4. Under Users/jsmith configure the POP3 password you'd like to be used in the internal Green's mail server. Let's say you enter mypass here.
5. Under Users/jsmith/Accounts, create and configure one or more records for external POP3 accounts, these are used for collecting mail from.
6. Start your mail client (Outlook, TheBat, whatever) and configure it to use POP3 server at 127.0.0.1:110 (this is the builtin Green's mail server). Set login information to jsmith (username) and mypass (password).
7. Check your mail.

One thing to note is that how several mailboxes ("mail", "spam", etc.) can be read through single POP3 account created for single user at 127.0.0.1:110. Here is how - if the user logs in to Green's POP3 server using her "username" and "password", she gets a view of a default "mail" mailbox. If the user wants to read other mailboxes (ex. "spam"), she logs in using a special username: "username/spam" and the same "password". In other words, Green's POP3 server accepts usernames of the form "username/mailbox" where mailbox name defaults to "mail".


Who is it for:

Green is likely to be used by an enthusiastic e-mail user who has at significant knowledge of how e-mail works. The more e-mail and networking knowledge - the better. Users that can do programming will benefit from fully exploiting the Green's potential.

Developers can use Green as a platform for building arbitrary mail filters.
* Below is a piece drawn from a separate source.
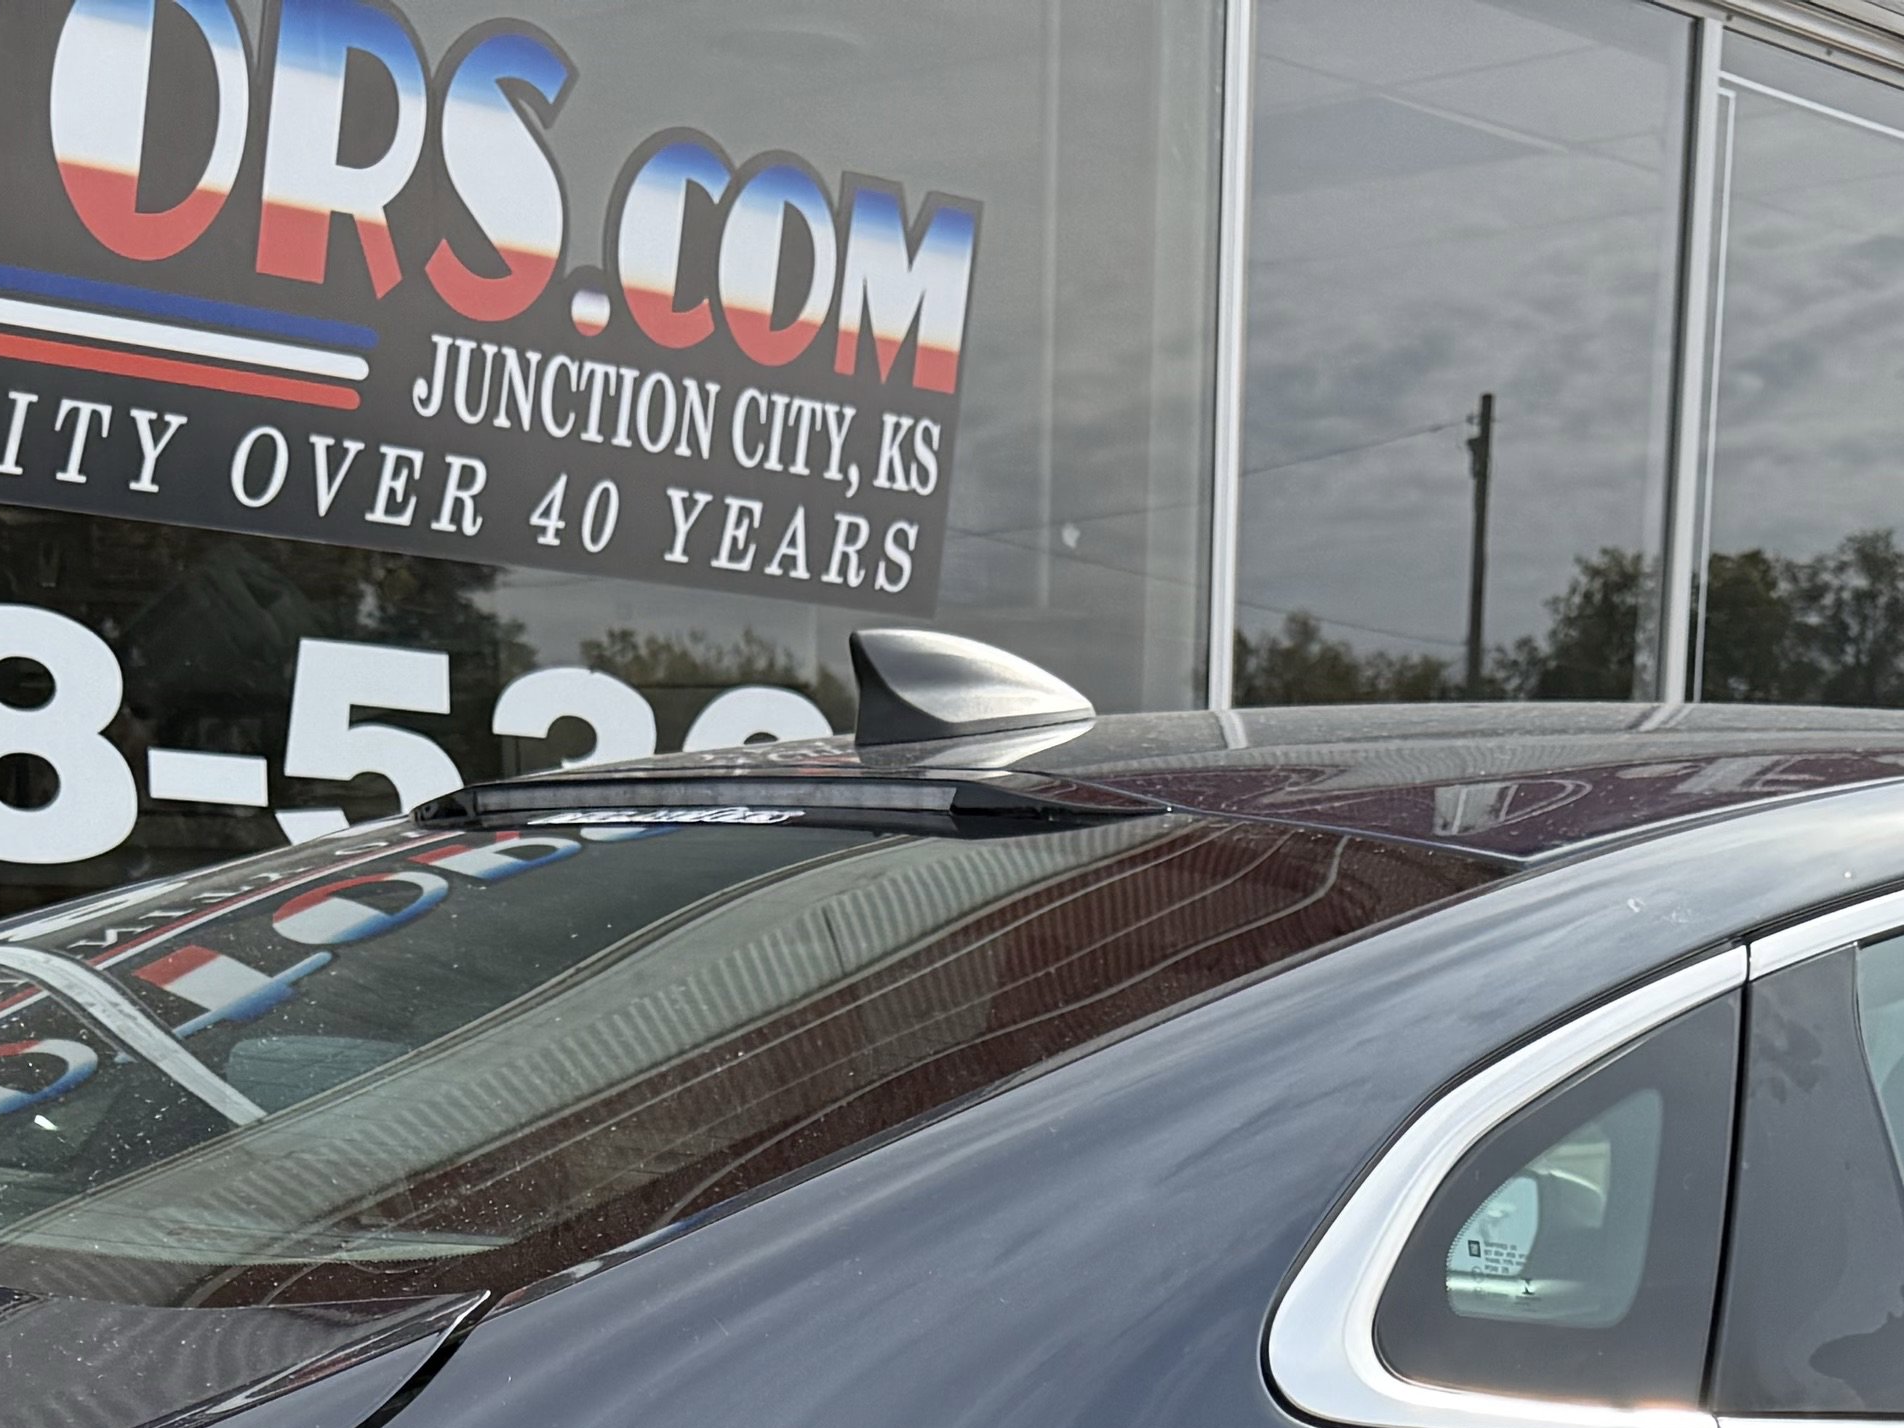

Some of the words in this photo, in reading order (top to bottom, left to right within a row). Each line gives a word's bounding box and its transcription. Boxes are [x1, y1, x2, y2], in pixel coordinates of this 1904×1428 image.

As Green rulesets can use Python scripts, knowledge of this wonderful programming language is certainly a plus.

E-mail providers can install Green on the server side and give their customers additional value by configuring mail filtering in any way they like.

Companies that face a need of processing lots of e-mail can use Green as a generic mail processor.


Portability:

Green runs under Windows 2000 or better.

Green contains three main modules - server core (green.exe), Win32 service wrapper (greensvc.exe) and GUI control panel (greenmgr.exe). The server core is written in portable C++ in a portable fashion, therefore it can be more or less easily ported to Unix. Service wrapper has no meaning under Unix, and so it needs not to be ported. The GUI control panel is written in Delphi and so it'd be problematic to port. On the other hand (1) the control panel is not a required component of the server which is fully configurable with standalone XML files, and (2) it's theoretically possible that the GUI control panel is run on a separate machine from the service core so it can control the server core running on a separate machine.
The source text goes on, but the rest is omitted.